In the process of setting up breakout sessions for Qonnections, Alberto Cairo and Randy Olson wanted to do something unique, fun and educational for attendees. This was how the “Drawing Data Viz” session came about. Attendees were asked to split up into groups and each group was given a large sheet of paper and colored pens in order to redraw a very busy data visualization as shown on the big screen of the conference room. Here is the data viz that the session attendees were asked to redraw:
Right off the bat, each team had to make a decision on what data they wanted to pull out from the original graphic and then determine how best to represent that data visually. It was clear that each group’s conversations about how to best represent the data went in many different directions.
“The original infographic had so many possible stories buried in the data. It was impossible to see because the graphic forms were not chosen correctly to highlight possible insights in the data. Some groups decided to focus on a narrower portion of the data and there’s nothing wrong with that. Other groups were more ambitious and they covered interactivity. For an exercise like this it’s legitimate to try to do something simpler but do it really, really well.” – Alberto Cairo, Knight Chair in Visual Journalism at the School of Communication, University of Miami
This chart in particular by Chris Abwat-Johnson, LuAnne Leary, Dev Vaghi, Xinzhen and Robert Smith shows a far simpler way to display the data. It shows the percent of taxes both direct and indirect and sorts the countries by percentage that they collect taxes. By focusing on a smaller sample of the data, this group is able to chart percentage trends that may have escaped readers of the previous graphic.
“One of the things I like most about the exercise is most people thinking clearly about the data and trying to display it with simple graphics. I wish we had more time for this session for more iterations. If we did, I would have them try to think outside of the box and see what happens by trying different, unusual graphic forms! Sometimes we tend to stick to the cookie cutter solutions but sometimes trying unusual graphic forms will yield something interesting. You don’t know what works until you try it.” –Alberto Cairo
Speaking of unusual graphics, here is a great example from Nicola who tried to use a waterfall chart, similar to a parallel coordinate chart. This type of chart may be extremely useful to reveal multiple connections between the variables in the data set. Both Alberto and Randy were impressed by this outside the box thinking.
"As I usually say: Try It. If it doesn’t work and it’s not clear, just discard it and try something else.” –Alberto Cairo
From outside the box, we go to an example that is very literally inside the box.

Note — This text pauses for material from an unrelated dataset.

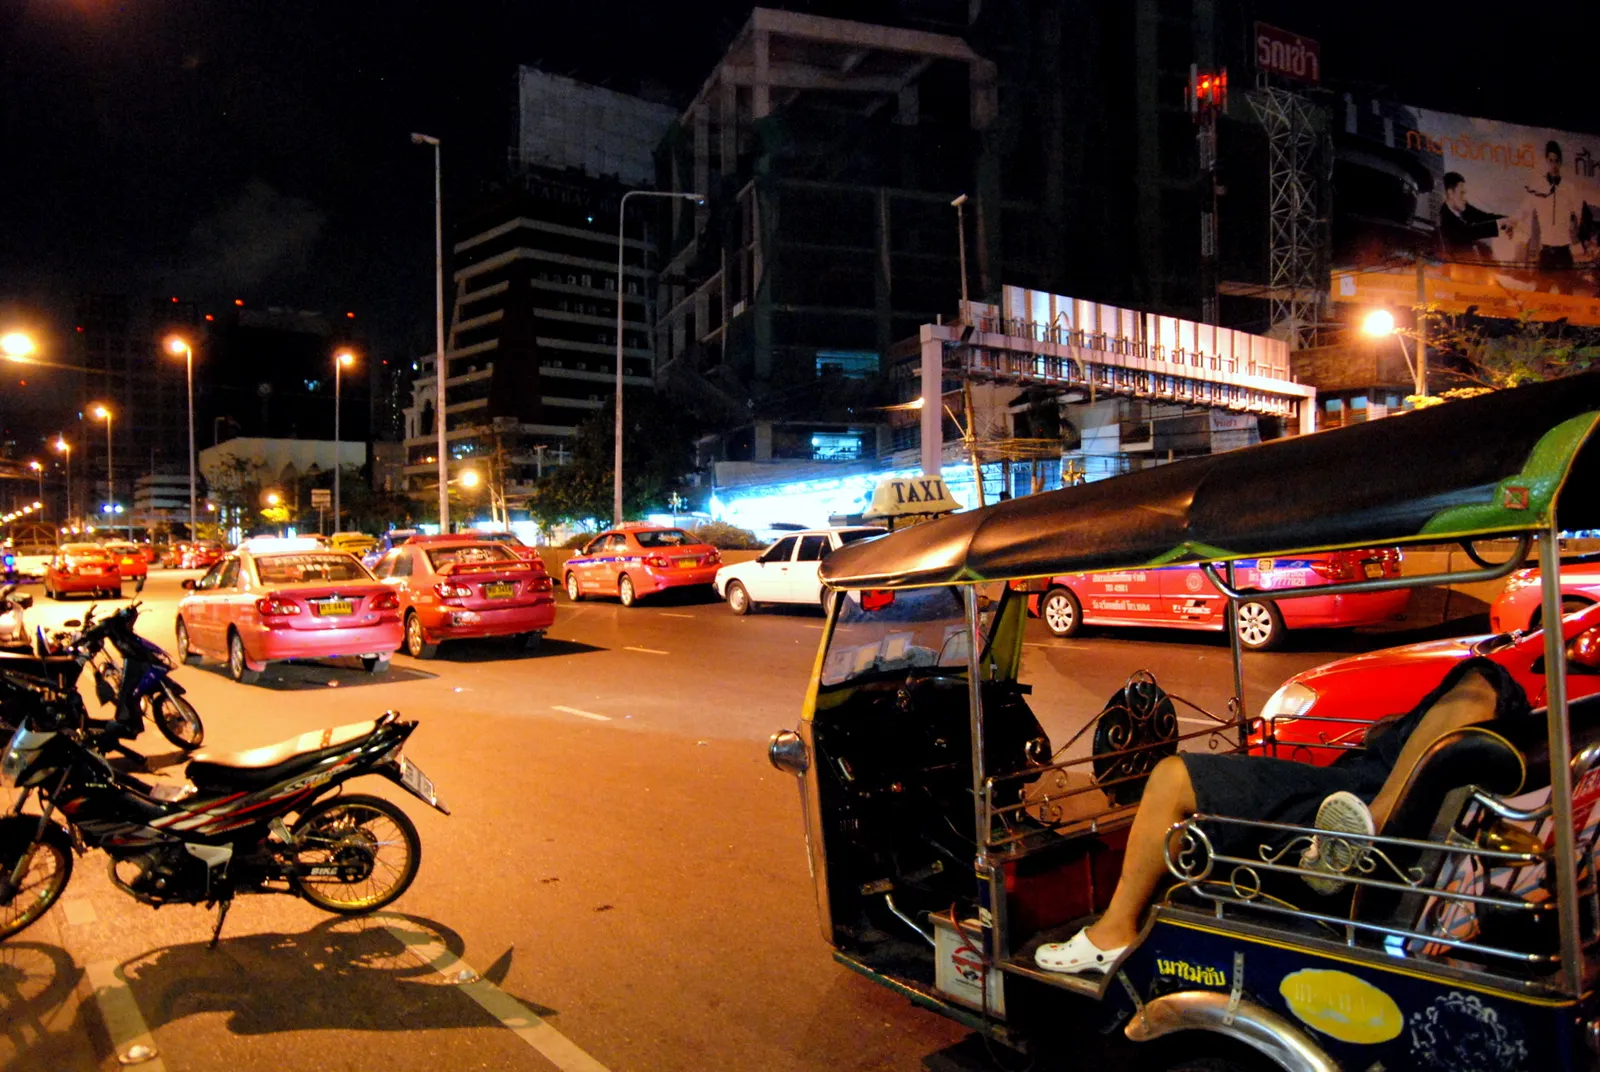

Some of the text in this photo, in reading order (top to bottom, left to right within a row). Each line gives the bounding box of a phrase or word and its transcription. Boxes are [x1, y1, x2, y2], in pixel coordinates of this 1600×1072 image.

[891, 480, 945, 503] TAXI
[1156, 958, 1226, 986] เมาไม่ขับ

This data viz, created by Joel Martin and Tim Grilley of Nordic Consulting sparked the most intrigue by both Alberto and Randy. There seems to be is a fact box for each country and the box is proportionally scaled but we aren’t sure to what. In the left corner is a percentage, the bottom right corner is a ranking number and in the upper right is another percentage. The X axis compares western countries to eastern countries and the Y axis represents overall taxation.
“It’s similar to a bubble chart but with rectangles. It’s a very interesting concept. There is something intriguing about this graphic form. The designer in me is intrigued!” – Alberto Cairo
“I definitely like this especially if the area does correspond to some value from the original. It’s generally easier to gauge squares than circles. I’ve underscored that in some of my past charts.” – Randy Olson, Postdoctoral Researcher and Reddit Community Leader, University of Pennsylvania Institute for Biomedical Informatics
Ultimately, Joel and Tim tried something new and different and found a unique way to tell one of the stories hidden within the original graphic.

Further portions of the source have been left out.